● Given information:
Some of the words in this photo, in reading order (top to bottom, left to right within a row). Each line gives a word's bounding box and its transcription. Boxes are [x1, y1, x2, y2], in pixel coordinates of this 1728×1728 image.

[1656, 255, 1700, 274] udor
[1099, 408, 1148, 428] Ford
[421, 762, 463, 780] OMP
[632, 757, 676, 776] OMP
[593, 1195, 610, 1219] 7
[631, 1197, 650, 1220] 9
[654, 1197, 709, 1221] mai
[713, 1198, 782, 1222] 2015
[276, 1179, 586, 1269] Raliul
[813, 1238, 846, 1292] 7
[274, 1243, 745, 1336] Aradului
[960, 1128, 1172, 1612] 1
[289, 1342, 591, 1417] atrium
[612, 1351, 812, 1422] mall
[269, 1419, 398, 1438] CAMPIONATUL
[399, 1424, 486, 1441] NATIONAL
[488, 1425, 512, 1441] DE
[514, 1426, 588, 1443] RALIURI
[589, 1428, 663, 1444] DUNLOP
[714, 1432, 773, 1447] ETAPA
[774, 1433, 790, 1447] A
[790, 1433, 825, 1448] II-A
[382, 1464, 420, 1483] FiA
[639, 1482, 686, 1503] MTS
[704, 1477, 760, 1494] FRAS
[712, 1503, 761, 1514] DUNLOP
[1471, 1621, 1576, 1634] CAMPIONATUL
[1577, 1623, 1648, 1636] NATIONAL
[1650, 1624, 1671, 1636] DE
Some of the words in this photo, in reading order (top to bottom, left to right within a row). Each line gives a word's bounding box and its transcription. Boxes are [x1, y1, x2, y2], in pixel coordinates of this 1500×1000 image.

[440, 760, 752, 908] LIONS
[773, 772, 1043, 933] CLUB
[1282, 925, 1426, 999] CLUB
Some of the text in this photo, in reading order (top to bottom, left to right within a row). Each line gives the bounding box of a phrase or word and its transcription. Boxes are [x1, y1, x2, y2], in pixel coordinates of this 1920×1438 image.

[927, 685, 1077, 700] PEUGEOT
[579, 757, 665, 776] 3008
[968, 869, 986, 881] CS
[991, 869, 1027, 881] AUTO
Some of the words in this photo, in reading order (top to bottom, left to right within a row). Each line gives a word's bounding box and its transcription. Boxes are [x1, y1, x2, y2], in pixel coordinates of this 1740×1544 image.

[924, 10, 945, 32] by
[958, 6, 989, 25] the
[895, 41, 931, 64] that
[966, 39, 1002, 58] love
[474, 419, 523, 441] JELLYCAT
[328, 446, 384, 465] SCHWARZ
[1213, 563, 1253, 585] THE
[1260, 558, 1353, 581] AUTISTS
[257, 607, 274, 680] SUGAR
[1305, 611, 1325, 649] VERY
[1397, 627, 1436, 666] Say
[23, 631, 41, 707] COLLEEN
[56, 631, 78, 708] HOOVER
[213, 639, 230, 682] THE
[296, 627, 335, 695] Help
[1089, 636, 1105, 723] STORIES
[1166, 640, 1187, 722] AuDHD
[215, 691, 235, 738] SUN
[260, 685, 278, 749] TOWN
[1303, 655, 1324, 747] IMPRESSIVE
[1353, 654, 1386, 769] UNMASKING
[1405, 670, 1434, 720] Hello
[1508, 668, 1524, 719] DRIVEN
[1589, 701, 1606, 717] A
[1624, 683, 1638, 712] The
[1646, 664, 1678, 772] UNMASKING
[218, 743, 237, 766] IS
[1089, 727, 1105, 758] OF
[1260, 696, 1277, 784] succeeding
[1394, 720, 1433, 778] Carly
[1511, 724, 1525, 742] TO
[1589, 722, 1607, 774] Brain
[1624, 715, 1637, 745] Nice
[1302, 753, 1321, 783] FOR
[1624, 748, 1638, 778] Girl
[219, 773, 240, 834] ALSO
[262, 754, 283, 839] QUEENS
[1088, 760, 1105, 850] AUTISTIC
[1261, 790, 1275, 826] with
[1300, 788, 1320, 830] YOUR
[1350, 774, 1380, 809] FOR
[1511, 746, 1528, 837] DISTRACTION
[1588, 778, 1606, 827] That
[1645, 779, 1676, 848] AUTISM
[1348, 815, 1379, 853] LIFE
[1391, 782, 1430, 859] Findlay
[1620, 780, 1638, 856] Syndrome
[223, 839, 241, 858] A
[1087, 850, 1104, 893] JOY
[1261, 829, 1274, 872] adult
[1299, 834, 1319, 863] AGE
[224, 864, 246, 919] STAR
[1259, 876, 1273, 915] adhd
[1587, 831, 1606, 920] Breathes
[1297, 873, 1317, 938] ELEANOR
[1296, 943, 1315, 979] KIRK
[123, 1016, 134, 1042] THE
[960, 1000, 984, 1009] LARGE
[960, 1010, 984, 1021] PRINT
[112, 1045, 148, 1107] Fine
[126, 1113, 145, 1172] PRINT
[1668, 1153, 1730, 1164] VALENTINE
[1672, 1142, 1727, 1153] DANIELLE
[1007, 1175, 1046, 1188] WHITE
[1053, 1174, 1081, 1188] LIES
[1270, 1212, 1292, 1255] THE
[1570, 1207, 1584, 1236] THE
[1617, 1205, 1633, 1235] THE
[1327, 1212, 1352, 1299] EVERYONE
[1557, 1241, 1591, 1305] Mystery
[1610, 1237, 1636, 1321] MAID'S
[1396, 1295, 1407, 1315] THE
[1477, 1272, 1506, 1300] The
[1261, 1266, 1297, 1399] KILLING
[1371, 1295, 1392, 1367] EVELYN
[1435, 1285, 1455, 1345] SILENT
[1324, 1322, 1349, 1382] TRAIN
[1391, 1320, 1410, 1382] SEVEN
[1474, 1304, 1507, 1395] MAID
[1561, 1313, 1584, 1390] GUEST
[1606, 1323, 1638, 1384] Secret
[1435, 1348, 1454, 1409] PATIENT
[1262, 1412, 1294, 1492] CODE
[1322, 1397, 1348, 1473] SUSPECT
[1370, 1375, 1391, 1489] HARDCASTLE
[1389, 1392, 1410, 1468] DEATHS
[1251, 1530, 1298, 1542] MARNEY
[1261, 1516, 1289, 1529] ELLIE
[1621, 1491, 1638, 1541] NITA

● About this exercise:
The records shown earlier should all be returned verbatim.

● Solution:
Some of the words in this photo, in reading order (top to bottom, left to right within a row). Each line gives a word's bounding box and its transcription. Boxes are [x1, y1, x2, y2], in pixel coordinates of this 1728×1728 image.

[1656, 255, 1700, 274] udor
[1099, 408, 1148, 428] Ford
[421, 762, 463, 780] OMP
[632, 757, 676, 776] OMP
[593, 1195, 610, 1219] 7
[631, 1197, 650, 1220] 9
[654, 1197, 709, 1221] mai
[713, 1198, 782, 1222] 2015
[276, 1179, 586, 1269] Raliul
[813, 1238, 846, 1292] 7
[274, 1243, 745, 1336] Aradului
[960, 1128, 1172, 1612] 1
[289, 1342, 591, 1417] atrium
[612, 1351, 812, 1422] mall
[269, 1419, 398, 1438] CAMPIONATUL
[399, 1424, 486, 1441] NATIONAL
[488, 1425, 512, 1441] DE
[514, 1426, 588, 1443] RALIURI
[589, 1428, 663, 1444] DUNLOP
[714, 1432, 773, 1447] ETAPA
[774, 1433, 790, 1447] A
[790, 1433, 825, 1448] II-A
[382, 1464, 420, 1483] FiA
[639, 1482, 686, 1503] MTS
[704, 1477, 760, 1494] FRAS
[712, 1503, 761, 1514] DUNLOP
[1471, 1621, 1576, 1634] CAMPIONATUL
[1577, 1623, 1648, 1636] NATIONAL
[1650, 1624, 1671, 1636] DE
Some of the words in this photo, in reading order (top to bottom, left to right within a row). Each line gives a word's bounding box and its transcription. Boxes are [x1, y1, x2, y2], in pixel coordinates of this 1500×1000 image.

[440, 760, 752, 908] LIONS
[773, 772, 1043, 933] CLUB
[1282, 925, 1426, 999] CLUB
Some of the text in this photo, in reading order (top to bottom, left to right within a row). Each line gives the bounding box of a phrase or word and its transcription. Boxes are [x1, y1, x2, y2], in pixel coordinates of this 1920×1438 image.

[927, 685, 1077, 700] PEUGEOT
[579, 757, 665, 776] 3008
[968, 869, 986, 881] CS
[991, 869, 1027, 881] AUTO
Some of the words in this photo, in reading order (top to bottom, left to right within a row). Each line gives a word's bounding box and its transcription. Boxes are [x1, y1, x2, y2], in pixel coordinates of this 1740×1544 image.

[924, 10, 945, 32] by
[958, 6, 989, 25] the
[895, 41, 931, 64] that
[966, 39, 1002, 58] love
[474, 419, 523, 441] JELLYCAT
[328, 446, 384, 465] SCHWARZ
[1213, 563, 1253, 585] THE
[1260, 558, 1353, 581] AUTISTS
[257, 607, 274, 680] SUGAR
[1305, 611, 1325, 649] VERY
[1397, 627, 1436, 666] Say
[23, 631, 41, 707] COLLEEN
[56, 631, 78, 708] HOOVER
[213, 639, 230, 682] THE
[296, 627, 335, 695] Help
[1089, 636, 1105, 723] STORIES
[1166, 640, 1187, 722] AuDHD
[215, 691, 235, 738] SUN
[260, 685, 278, 749] TOWN
[1303, 655, 1324, 747] IMPRESSIVE
[1353, 654, 1386, 769] UNMASKING
[1405, 670, 1434, 720] Hello
[1508, 668, 1524, 719] DRIVEN
[1589, 701, 1606, 717] A
[1624, 683, 1638, 712] The
[1646, 664, 1678, 772] UNMASKING
[218, 743, 237, 766] IS
[1089, 727, 1105, 758] OF
[1260, 696, 1277, 784] succeeding
[1394, 720, 1433, 778] Carly
[1511, 724, 1525, 742] TO
[1589, 722, 1607, 774] Brain
[1624, 715, 1637, 745] Nice
[1302, 753, 1321, 783] FOR
[1624, 748, 1638, 778] Girl
[219, 773, 240, 834] ALSO
[262, 754, 283, 839] QUEENS
[1088, 760, 1105, 850] AUTISTIC
[1261, 790, 1275, 826] with
[1300, 788, 1320, 830] YOUR
[1350, 774, 1380, 809] FOR
[1511, 746, 1528, 837] DISTRACTION
[1588, 778, 1606, 827] That
[1645, 779, 1676, 848] AUTISM
[1348, 815, 1379, 853] LIFE
[1391, 782, 1430, 859] Findlay
[1620, 780, 1638, 856] Syndrome
[223, 839, 241, 858] A
[1087, 850, 1104, 893] JOY
[1261, 829, 1274, 872] adult
[1299, 834, 1319, 863] AGE
[224, 864, 246, 919] STAR
[1259, 876, 1273, 915] adhd
[1587, 831, 1606, 920] Breathes
[1297, 873, 1317, 938] ELEANOR
[1296, 943, 1315, 979] KIRK
[123, 1016, 134, 1042] THE
[960, 1000, 984, 1009] LARGE
[960, 1010, 984, 1021] PRINT
[112, 1045, 148, 1107] Fine
[126, 1113, 145, 1172] PRINT
[1668, 1153, 1730, 1164] VALENTINE
[1672, 1142, 1727, 1153] DANIELLE
[1007, 1175, 1046, 1188] WHITE
[1053, 1174, 1081, 1188] LIES
[1270, 1212, 1292, 1255] THE
[1570, 1207, 1584, 1236] THE
[1617, 1205, 1633, 1235] THE
[1327, 1212, 1352, 1299] EVERYONE
[1557, 1241, 1591, 1305] Mystery
[1610, 1237, 1636, 1321] MAID'S
[1396, 1295, 1407, 1315] THE
[1477, 1272, 1506, 1300] The
[1261, 1266, 1297, 1399] KILLING
[1371, 1295, 1392, 1367] EVELYN
[1435, 1285, 1455, 1345] SILENT
[1324, 1322, 1349, 1382] TRAIN
[1391, 1320, 1410, 1382] SEVEN
[1474, 1304, 1507, 1395] MAID
[1561, 1313, 1584, 1390] GUEST
[1606, 1323, 1638, 1384] Secret
[1435, 1348, 1454, 1409] PATIENT
[1262, 1412, 1294, 1492] CODE
[1322, 1397, 1348, 1473] SUSPECT
[1370, 1375, 1391, 1489] HARDCASTLE
[1389, 1392, 1410, 1468] DEATHS
[1251, 1530, 1298, 1542] MARNEY
[1261, 1516, 1289, 1529] ELLIE
[1621, 1491, 1638, 1541] NITA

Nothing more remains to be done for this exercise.